Task - Could every entry be set down once more, exactly as given?

┌──

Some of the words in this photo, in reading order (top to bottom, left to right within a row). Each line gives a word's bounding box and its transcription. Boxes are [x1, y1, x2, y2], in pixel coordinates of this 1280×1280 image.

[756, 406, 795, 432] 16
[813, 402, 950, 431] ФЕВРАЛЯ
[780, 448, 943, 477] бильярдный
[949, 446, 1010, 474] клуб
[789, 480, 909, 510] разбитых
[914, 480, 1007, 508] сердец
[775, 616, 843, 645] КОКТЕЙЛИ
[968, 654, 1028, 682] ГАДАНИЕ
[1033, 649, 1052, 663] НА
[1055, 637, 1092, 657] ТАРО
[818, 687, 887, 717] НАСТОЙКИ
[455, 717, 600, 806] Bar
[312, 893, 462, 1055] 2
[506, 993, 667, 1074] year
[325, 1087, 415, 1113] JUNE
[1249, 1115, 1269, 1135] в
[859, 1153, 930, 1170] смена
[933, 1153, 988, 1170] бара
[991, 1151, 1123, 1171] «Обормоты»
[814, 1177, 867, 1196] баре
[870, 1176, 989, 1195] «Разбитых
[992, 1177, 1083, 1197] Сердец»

└──

Written solution -
Some of the words in this photo, in reading order (top to bottom, left to right within a row). Each line gives a word's bounding box and its transcription. Boxes are [x1, y1, x2, y2], in pixel coordinates of this 1280×1280 image.

[756, 406, 795, 432] 16
[813, 402, 950, 431] ФЕВРАЛЯ
[780, 448, 943, 477] бильярдный
[949, 446, 1010, 474] клуб
[789, 480, 909, 510] разбитых
[914, 480, 1007, 508] сердец
[775, 616, 843, 645] КОКТЕЙЛИ
[968, 654, 1028, 682] ГАДАНИЕ
[1033, 649, 1052, 663] НА
[1055, 637, 1092, 657] ТАРО
[818, 687, 887, 717] НАСТОЙКИ
[455, 717, 600, 806] Bar
[312, 893, 462, 1055] 2
[506, 993, 667, 1074] year
[325, 1087, 415, 1113] JUNE
[1249, 1115, 1269, 1135] в
[859, 1153, 930, 1170] смена
[933, 1153, 988, 1170] бара
[991, 1151, 1123, 1171] «Обормоты»
[814, 1177, 867, 1196] баре
[870, 1176, 989, 1195] «Разбитых
[992, 1177, 1083, 1197] Сердец»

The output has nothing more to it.